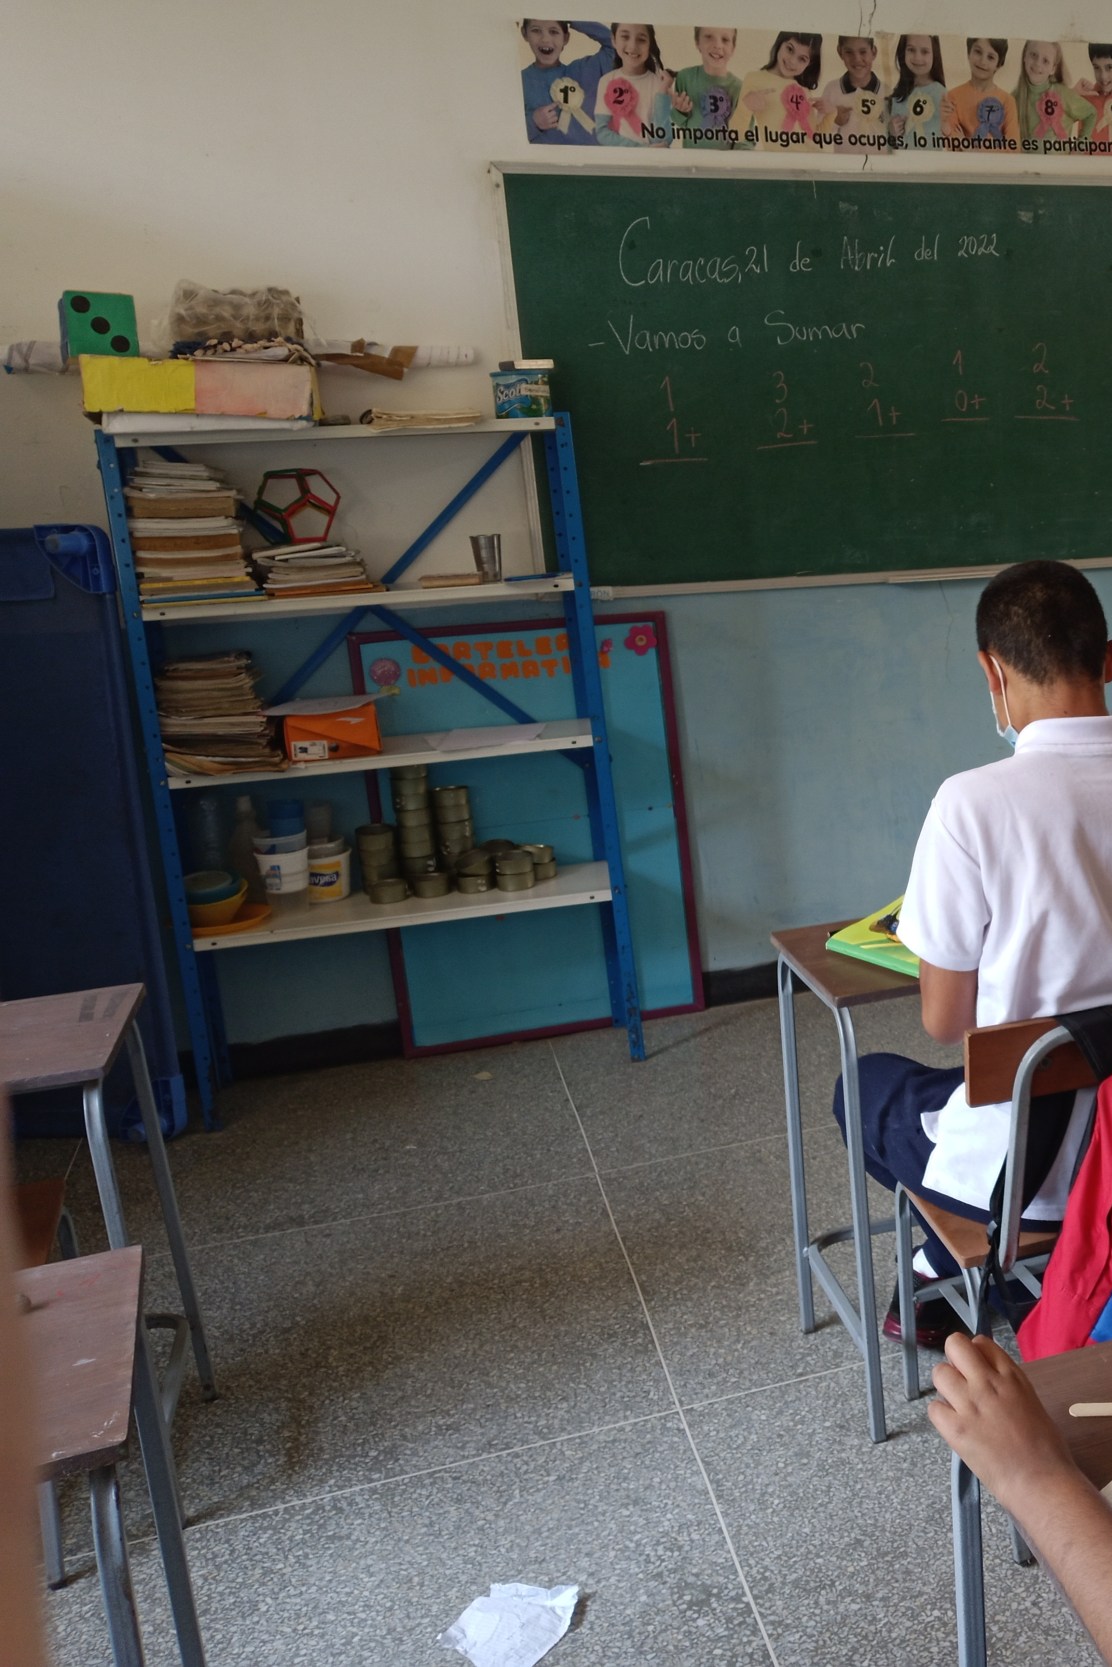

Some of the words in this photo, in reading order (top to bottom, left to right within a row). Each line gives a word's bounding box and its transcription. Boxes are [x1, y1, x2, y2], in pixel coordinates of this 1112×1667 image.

[641, 123, 666, 139] No
[672, 123, 739, 147] importa
[744, 128, 759, 143] el
[764, 126, 807, 148] lugar
[812, 130, 843, 150] que
[848, 132, 909, 151] ocupes,
[913, 131, 928, 149] lo
[932, 131, 1018, 153] importante
[1021, 138, 1039, 151] es
[789, 240, 813, 272] de
[914, 233, 940, 261] del
[957, 232, 1000, 258] 2022
[727, 325, 742, 347] a
[765, 309, 865, 346] Sumar
[953, 349, 964, 375] 1
[1032, 342, 1049, 373] 2
[772, 370, 788, 404] 3
[859, 361, 880, 388] 2
[659, 375, 675, 412] 1
□ □ □ □ □ □ □
◆ What to work on
Exclude images. Return the data above verbatim.

◆ Answer to this task
Some of the words in this photo, in reading order (top to bottom, left to right within a row). Each line gives a word's bounding box and its transcription. Boxes are [x1, y1, x2, y2], in pixel coordinates of this 1112×1667 image.

[641, 123, 666, 139] No
[672, 123, 739, 147] importa
[744, 128, 759, 143] el
[764, 126, 807, 148] lugar
[812, 130, 843, 150] que
[848, 132, 909, 151] ocupes,
[913, 131, 928, 149] lo
[932, 131, 1018, 153] importante
[1021, 138, 1039, 151] es
[789, 240, 813, 272] de
[914, 233, 940, 261] del
[957, 232, 1000, 258] 2022
[727, 325, 742, 347] a
[765, 309, 865, 346] Sumar
[953, 349, 964, 375] 1
[1032, 342, 1049, 373] 2
[772, 370, 788, 404] 3
[859, 361, 880, 388] 2
[659, 375, 675, 412] 1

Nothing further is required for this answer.